While we are seeing the impact of these recommendations in fewer prescriptions written for opiates, taking out this giant is not likely to happen overnight. As emergency physicians with American Physician Partners, we see opioid overdoses in our EDs every day. We find ourselves in a catch-22 – treating an opiate-addicted patient, knowing that we can prescribe something that will keep the patient from heading back to the street and overdosing on an illegal drug, but acknowledging that this is a stop gap measure at best. The ED is not the place to manage and counsel patients on the dangers of opioid abuse. In our role to combat opioid abuse and addiction, we have two goals. The first is to get patients with chronic pain on a better treatment path and the second is to get patients who are addicted to opiates the help they need to fight and defeat this adversary.

And therein lies another problem: patients who are desperate for treatment are getting caught up in the bureaucracy of managed care, and even if they manage to wade through that red tape, many treatment centers have months-long waiting lists – a testament to the depth of the problem with which we are dealing. Physicians who treat opiate addictions with medication strategies are out there, but they are so overwhelmed there’s no capacity for new patients. Pain management clinics offer some support but their mission does not center around the needs of the addict.

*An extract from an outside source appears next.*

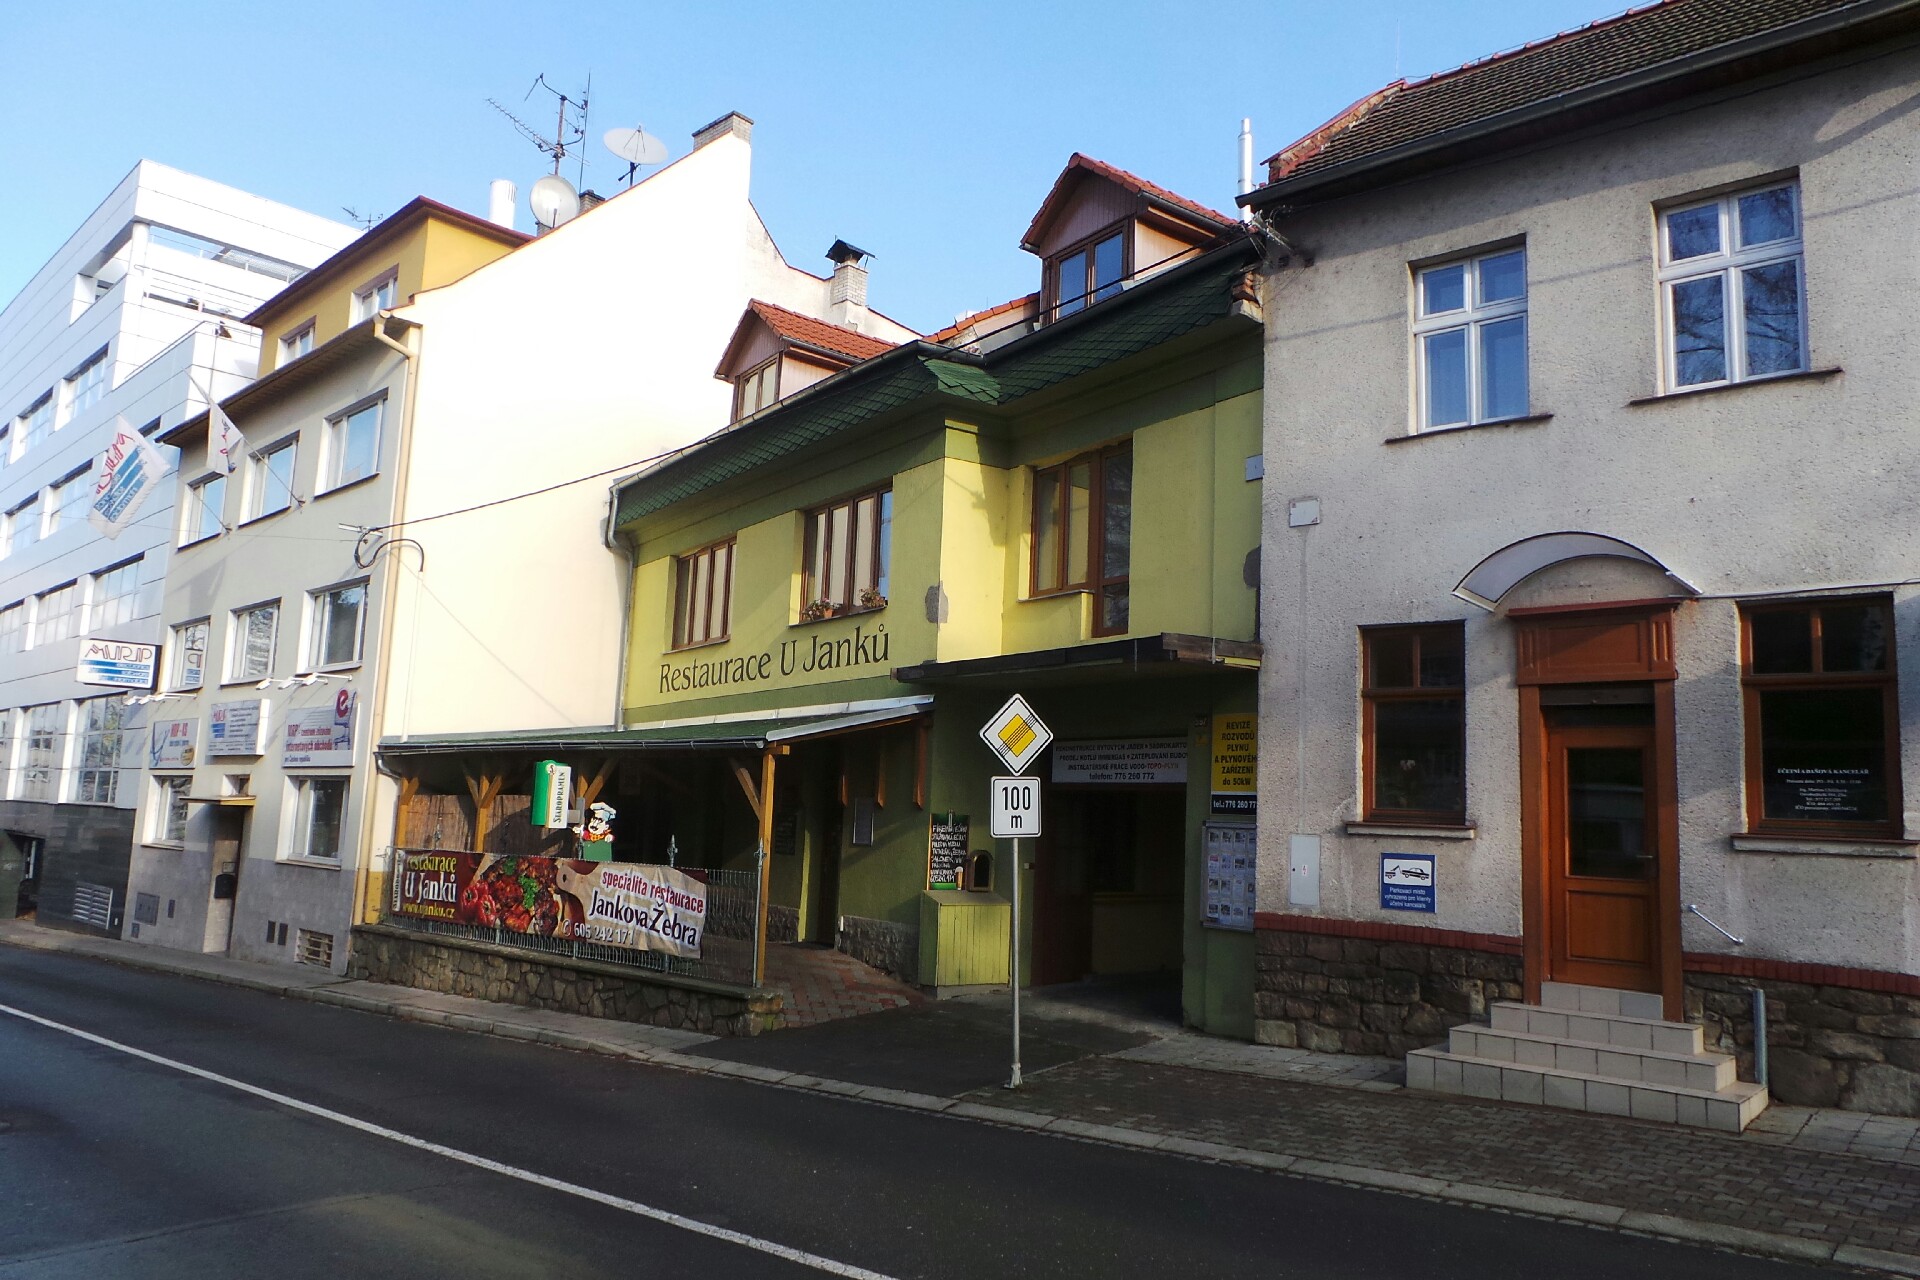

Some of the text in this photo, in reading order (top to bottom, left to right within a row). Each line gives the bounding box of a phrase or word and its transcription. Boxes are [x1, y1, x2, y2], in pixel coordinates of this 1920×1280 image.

The need for provider education
Another problem we believe has led to lack of treatment options for addicted patients is the lack of education for medical students, residents and fellows on the basics of addiction. Physicians are coming out of training ready to take on the world, only to soon learn that this problem is beyond their understanding. Without solid medical education on both the biological issues that can lead to addiction as well as solid treatment options that work, physicians soon become frustrated at their inability to tackle and defeat addiction in their patients.

That’s one of the reasons we have opened outpatient treatment centers – outside of our responsibilities as emergency physicians – to address, in a safe medical approach the need for more, better treatment options. Our vision is to treat our patients with a combination of medication-assisted treatment and behavioral therapy. We’ve seen great success within our program and our scope of treatment, and we believe wholeheartedly in our approach and its benefit to our patients. And while today, many of our medically underserved areas like rural communities and inner cities are in desperate need for similar programs, we are taking a step in the right direction. Simultaneously, we know that addiction recovery must involve a continuum of care. We ask our patient care colleagues across specialties and spectrums to link arms with us to combat this problem and support these patients through addiction, treatment and long-term recovery.

We’ve realized the medical community helped create this problem. Now, as part of that community, we are setting our sights on solving it.

Tony Briningstool, M.D., is the Senior Vice President and Chief Medical Officer for American Physician Partners, an Emergency Department medical service organization.